• [Task data]

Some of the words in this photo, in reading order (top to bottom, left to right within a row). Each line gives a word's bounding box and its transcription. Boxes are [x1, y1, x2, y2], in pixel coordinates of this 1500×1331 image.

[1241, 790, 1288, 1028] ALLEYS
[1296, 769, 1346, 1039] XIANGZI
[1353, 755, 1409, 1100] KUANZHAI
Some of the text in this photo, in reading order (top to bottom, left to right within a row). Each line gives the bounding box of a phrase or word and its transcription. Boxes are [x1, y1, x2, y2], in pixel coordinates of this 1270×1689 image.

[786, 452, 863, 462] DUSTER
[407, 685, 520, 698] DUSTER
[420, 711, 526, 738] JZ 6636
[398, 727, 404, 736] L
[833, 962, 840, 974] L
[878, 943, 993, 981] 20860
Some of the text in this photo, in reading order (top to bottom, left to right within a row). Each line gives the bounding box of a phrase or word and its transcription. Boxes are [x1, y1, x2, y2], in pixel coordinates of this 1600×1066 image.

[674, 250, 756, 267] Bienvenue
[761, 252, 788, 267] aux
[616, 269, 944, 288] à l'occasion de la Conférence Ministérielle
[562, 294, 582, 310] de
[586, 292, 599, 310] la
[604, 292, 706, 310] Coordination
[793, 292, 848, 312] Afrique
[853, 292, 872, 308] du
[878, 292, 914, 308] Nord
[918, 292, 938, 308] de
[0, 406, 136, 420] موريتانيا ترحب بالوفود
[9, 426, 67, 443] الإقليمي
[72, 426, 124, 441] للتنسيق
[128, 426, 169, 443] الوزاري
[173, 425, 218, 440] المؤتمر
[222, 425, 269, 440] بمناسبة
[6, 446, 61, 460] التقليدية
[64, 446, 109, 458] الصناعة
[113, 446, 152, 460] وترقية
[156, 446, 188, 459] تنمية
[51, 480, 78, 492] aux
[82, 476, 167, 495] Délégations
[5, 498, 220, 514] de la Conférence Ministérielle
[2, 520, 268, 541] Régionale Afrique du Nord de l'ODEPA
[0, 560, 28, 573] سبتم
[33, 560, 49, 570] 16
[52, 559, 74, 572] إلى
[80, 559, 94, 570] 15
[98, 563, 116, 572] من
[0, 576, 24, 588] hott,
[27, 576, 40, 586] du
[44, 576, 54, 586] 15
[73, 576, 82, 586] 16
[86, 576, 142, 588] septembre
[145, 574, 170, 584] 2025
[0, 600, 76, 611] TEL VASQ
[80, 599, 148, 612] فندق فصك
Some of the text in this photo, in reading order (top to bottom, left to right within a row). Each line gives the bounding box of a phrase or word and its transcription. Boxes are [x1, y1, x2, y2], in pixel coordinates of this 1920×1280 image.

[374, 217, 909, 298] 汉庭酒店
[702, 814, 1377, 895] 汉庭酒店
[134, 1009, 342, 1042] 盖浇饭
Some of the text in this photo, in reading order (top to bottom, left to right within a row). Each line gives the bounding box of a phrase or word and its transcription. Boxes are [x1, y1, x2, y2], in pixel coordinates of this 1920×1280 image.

• [The problem]
Every record above must be repeated word for word.

• [Written answer]
Some of the words in this photo, in reading order (top to bottom, left to right within a row). Each line gives a word's bounding box and its transcription. Boxes are [x1, y1, x2, y2], in pixel coordinates of this 1500×1331 image.

[1241, 790, 1288, 1028] ALLEYS
[1296, 769, 1346, 1039] XIANGZI
[1353, 755, 1409, 1100] KUANZHAI
Some of the text in this photo, in reading order (top to bottom, left to right within a row). Each line gives the bounding box of a phrase or word and its transcription. Boxes are [x1, y1, x2, y2], in pixel coordinates of this 1270×1689 image.

[786, 452, 863, 462] DUSTER
[407, 685, 520, 698] DUSTER
[420, 711, 526, 738] JZ 6636
[398, 727, 404, 736] L
[833, 962, 840, 974] L
[878, 943, 993, 981] 20860
Some of the text in this photo, in reading order (top to bottom, left to right within a row). Each line gives the bounding box of a phrase or word and its transcription. Boxes are [x1, y1, x2, y2], in pixel coordinates of this 1600×1066 image.

[674, 250, 756, 267] Bienvenue
[761, 252, 788, 267] aux
[616, 269, 944, 288] à l'occasion de la Conférence Ministérielle
[562, 294, 582, 310] de
[586, 292, 599, 310] la
[604, 292, 706, 310] Coordination
[793, 292, 848, 312] Afrique
[853, 292, 872, 308] du
[878, 292, 914, 308] Nord
[918, 292, 938, 308] de
[0, 406, 136, 420] موريتانيا ترحب بالوفود
[9, 426, 67, 443] الإقليمي
[72, 426, 124, 441] للتنسيق
[128, 426, 169, 443] الوزاري
[173, 425, 218, 440] المؤتمر
[222, 425, 269, 440] بمناسبة
[6, 446, 61, 460] التقليدية
[64, 446, 109, 458] الصناعة
[113, 446, 152, 460] وترقية
[156, 446, 188, 459] تنمية
[51, 480, 78, 492] aux
[82, 476, 167, 495] Délégations
[5, 498, 220, 514] de la Conférence Ministérielle
[2, 520, 268, 541] Régionale Afrique du Nord de l'ODEPA
[0, 560, 28, 573] سبتم
[33, 560, 49, 570] 16
[52, 559, 74, 572] إلى
[80, 559, 94, 570] 15
[98, 563, 116, 572] من
[0, 576, 24, 588] hott,
[27, 576, 40, 586] du
[44, 576, 54, 586] 15
[73, 576, 82, 586] 16
[86, 576, 142, 588] septembre
[145, 574, 170, 584] 2025
[0, 600, 76, 611] TEL VASQ
[80, 599, 148, 612] فندق فصك
Some of the text in this photo, in reading order (top to bottom, left to right within a row). Each line gives the bounding box of a phrase or word and its transcription. Boxes are [x1, y1, x2, y2], in pixel coordinates of this 1920×1280 image.

[374, 217, 909, 298] 汉庭酒店
[702, 814, 1377, 895] 汉庭酒店
[134, 1009, 342, 1042] 盖浇饭
Some of the text in this photo, in reading order (top to bottom, left to right within a row). Each line gives the bounding box of a phrase or word and its transcription. Boxes are [x1, y1, x2, y2], in pixel coordinates of this 1920×1280 image.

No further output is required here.